++++ RECORDED INFORMATION

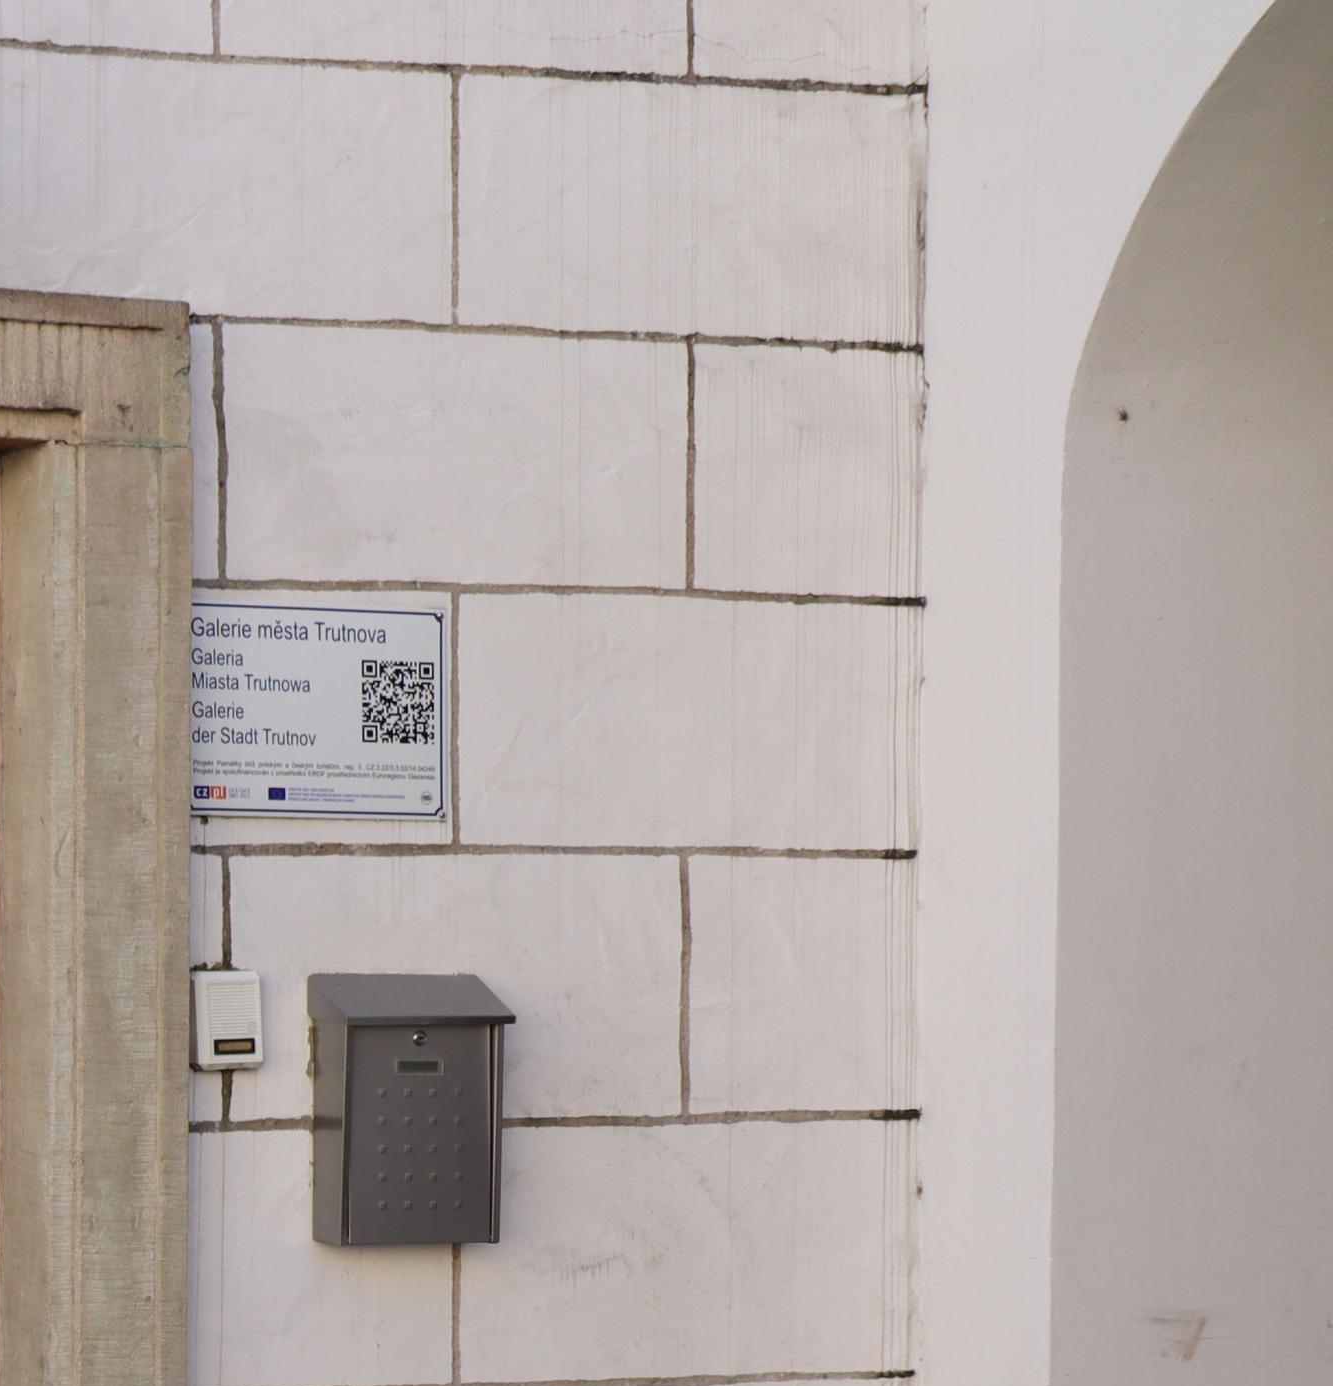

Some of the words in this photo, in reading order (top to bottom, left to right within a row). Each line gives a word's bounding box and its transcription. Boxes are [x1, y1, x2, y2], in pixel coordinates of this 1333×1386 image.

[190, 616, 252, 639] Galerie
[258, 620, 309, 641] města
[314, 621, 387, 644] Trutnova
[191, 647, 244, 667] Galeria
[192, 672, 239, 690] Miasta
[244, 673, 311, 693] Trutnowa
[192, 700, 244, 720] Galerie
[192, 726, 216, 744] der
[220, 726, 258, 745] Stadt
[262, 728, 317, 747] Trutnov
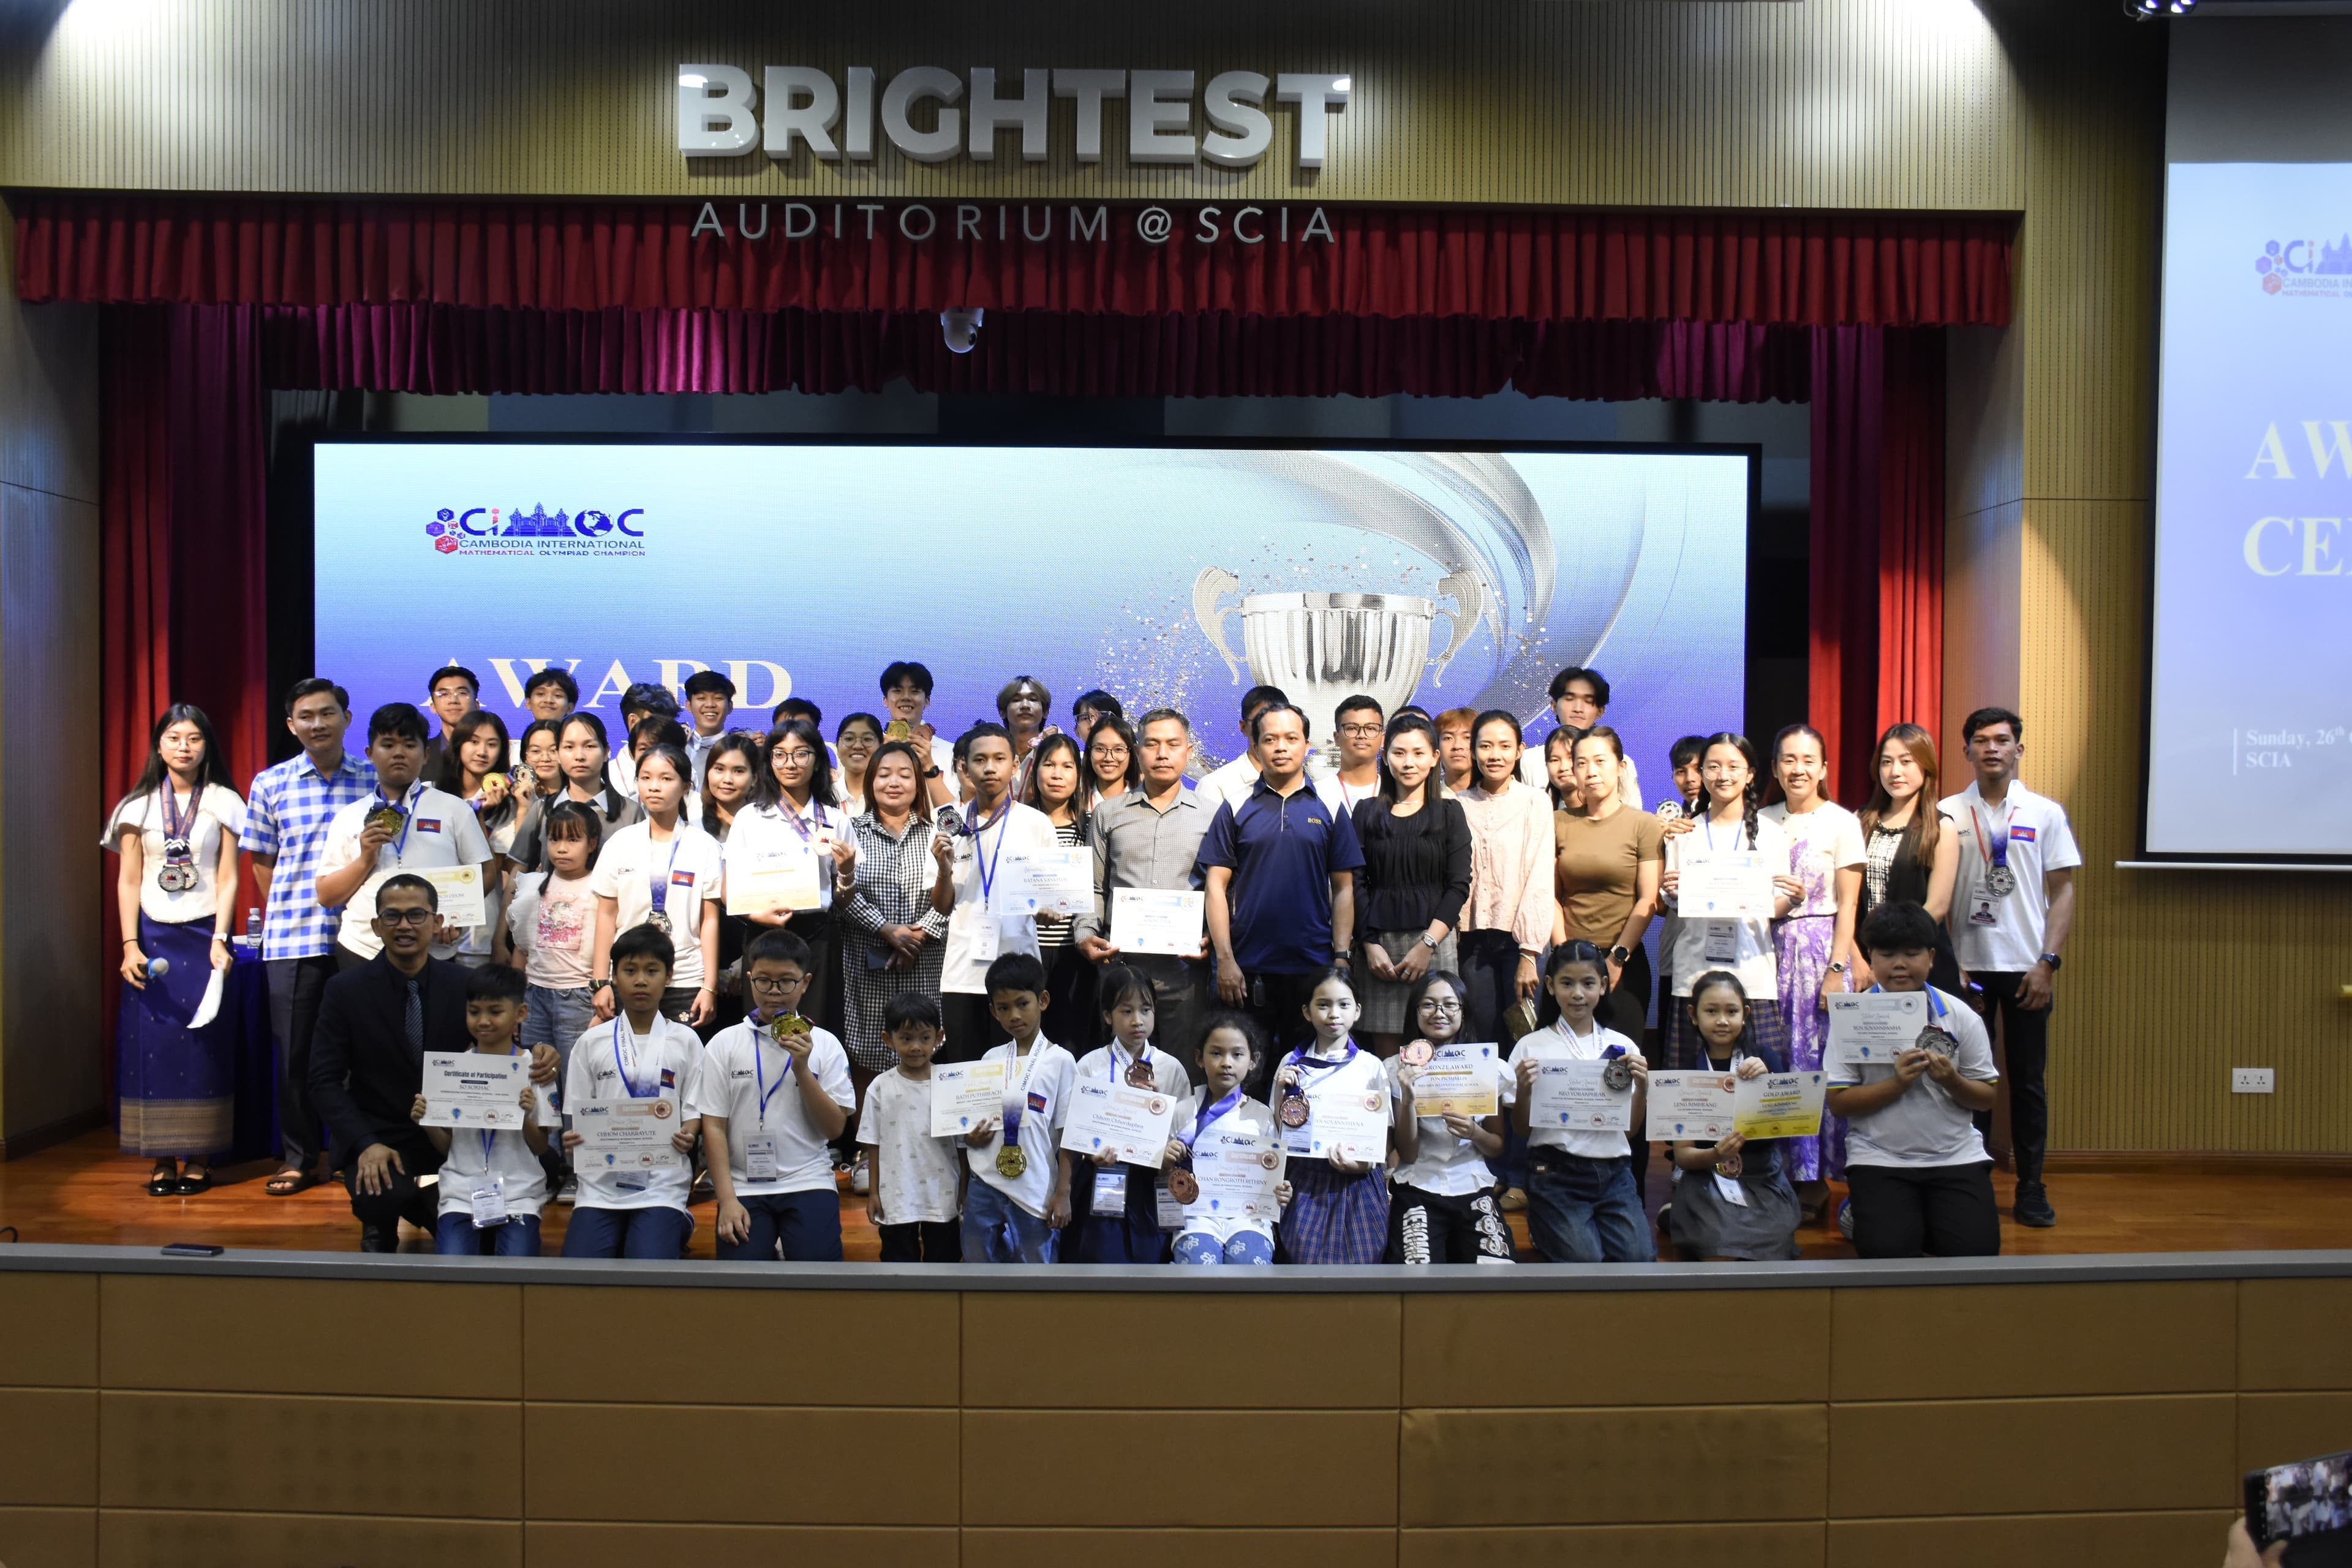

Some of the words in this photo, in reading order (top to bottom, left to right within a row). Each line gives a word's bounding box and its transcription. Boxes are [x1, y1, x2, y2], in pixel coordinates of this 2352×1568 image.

++++++++

§ **WHAT TO PRODUCE**:
For this exercise, transcribe the data exactly but without its pictures.

§ **SOLUTION FOR THIS PROBLEM**:
Some of the words in this photo, in reading order (top to bottom, left to right within a row). Each line gives a word's bounding box and its transcription. Boxes are [x1, y1, x2, y2], in pixel coordinates of this 1333×1386 image.

[190, 616, 252, 639] Galerie
[258, 620, 309, 641] města
[314, 621, 387, 644] Trutnova
[191, 647, 244, 667] Galeria
[192, 672, 239, 690] Miasta
[244, 673, 311, 693] Trutnowa
[192, 700, 244, 720] Galerie
[192, 726, 216, 744] der
[220, 726, 258, 745] Stadt
[262, 728, 317, 747] Trutnov

Some of the words in this photo, in reading order (top to bottom, left to right within a row). Each line gives a word's bounding box and its transcription. Boxes are [x1, y1, x2, y2], in pixel coordinates of this 2352×1568 image.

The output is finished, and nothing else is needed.